Approximately 10% of sequenced bacterial genomes are multipartite, consisting of two or more large chromosome-sized replicons. This genome organization can be found in many plant, animal, and human pathogens and symbionts. However, the advantage of harbouring multiple replicons remains unclear. One species with a multipartite genome is Sinorhizobium meliloti, a model rhizobium that enters into N2-fixing symbioses with various legume crops. In this work, S. meliloti derivatives lacking one or both of the secondary replicons (termed pSymA and pSymB) were constructed. Phenotypic characterization of these strains, including growth rate, metabolic capacity, and competitive fitness, provided some of the first experimental evidence that secondary replicons evolved to provide a niche specific advantage, improving fitness in a newly colonized environment. These results were further supported by characterizing the symbiotic phenotypes of 36 large-scale pSymA and pSymB deletion mutants.
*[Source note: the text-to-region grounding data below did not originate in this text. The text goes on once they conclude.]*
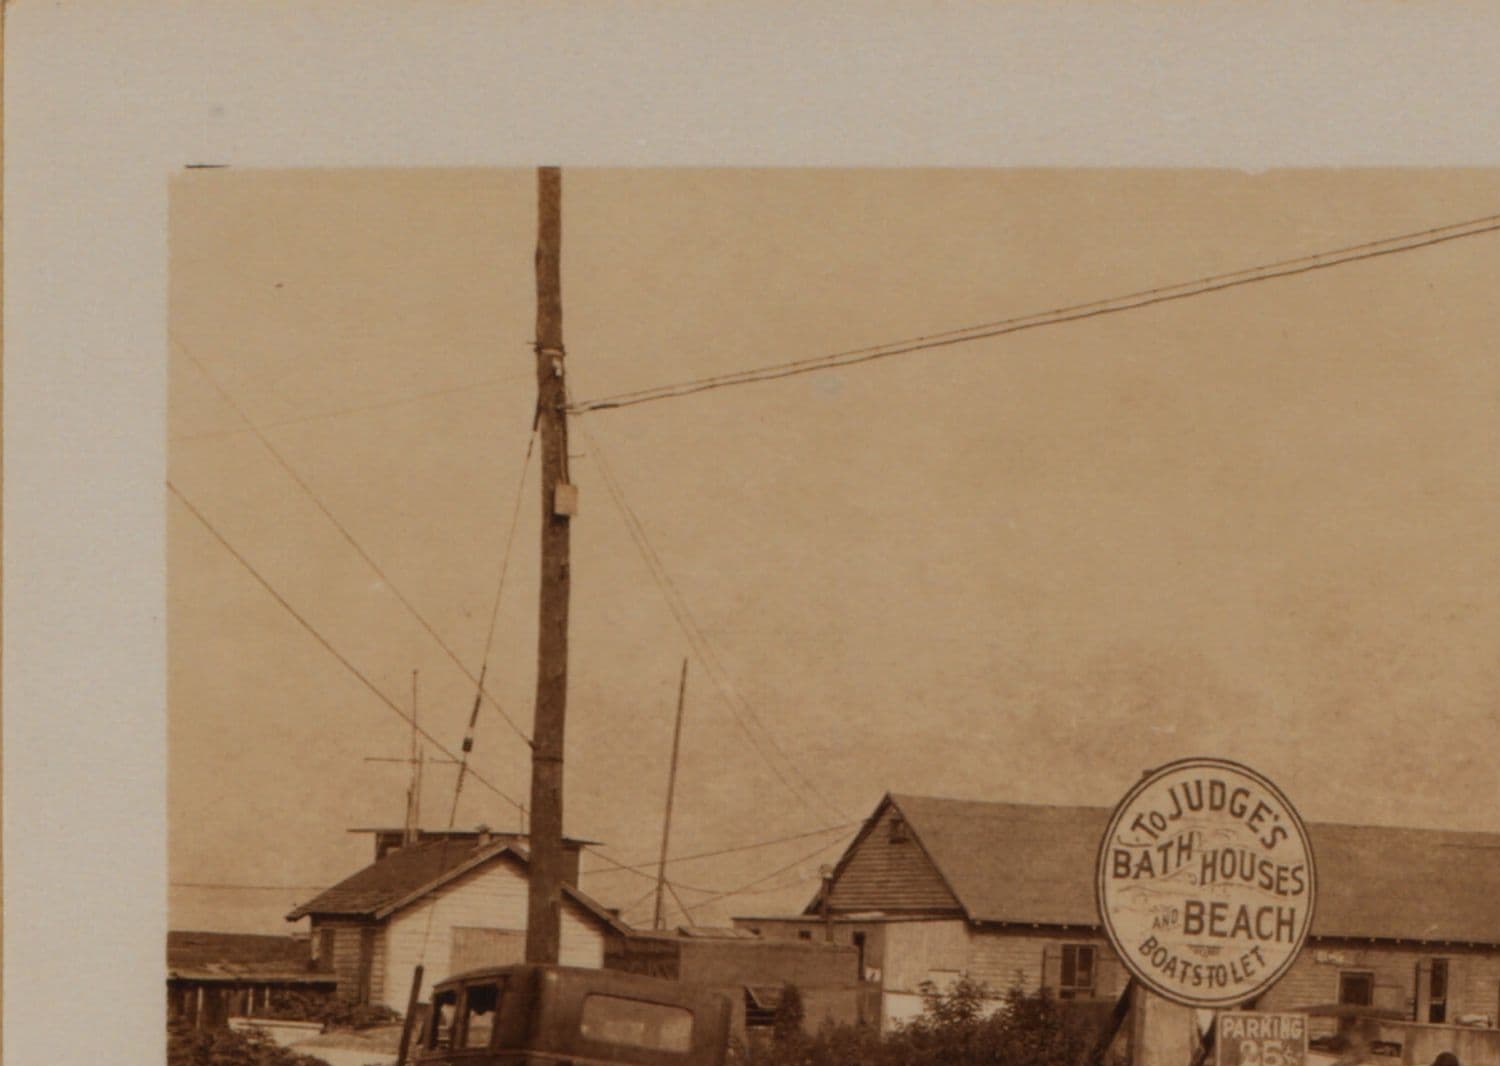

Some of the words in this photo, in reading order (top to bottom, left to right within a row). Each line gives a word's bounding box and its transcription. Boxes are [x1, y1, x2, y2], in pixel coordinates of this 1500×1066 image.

[1168, 779, 1288, 850] JUDGE'S
[1112, 831, 1195, 880] BATH
[1200, 848, 1305, 897] HOUSES
[1153, 908, 1180, 930] AND
[1183, 900, 1296, 944] BEACH
[1138, 935, 1203, 988] BOATS
[1206, 964, 1228, 988] TO
[1230, 945, 1266, 984] LET
[1222, 1016, 1304, 1041] PARKING
To further this analysis, an in silico S. meliloti genome-scale metabolic network reconstruction was developed and flux balance analysis used to examine the contribution of each replicon to fitness in three niches. These simulations were consistent with the hypothesis that metabolic pathways encoded by pSymB improve fitness specifically during growth in the plant-associated rhizosphere. Phylogenetic analysis of a pSymB region containing two essential genes provided a clean example of how a translocation from the primary chromosome to a secondary replicon can render the secondary replicon essential. Moreover, an experimental analysis of genetic redundancy indicated that 10-15% of chromosomal genes are functionally redundant with a pSymA or pSymB encoded gene, providing an alternative method for how secondary replicons can become essential and influence the evolution of the primary chromosome. Finally, the work presented here provides a novel framework for forward genetic analysis of N2-fixing symbiosis and the identification of the minimal N2-fixing symbiotic genome, which will help facilitate the development of synthetic symbioses.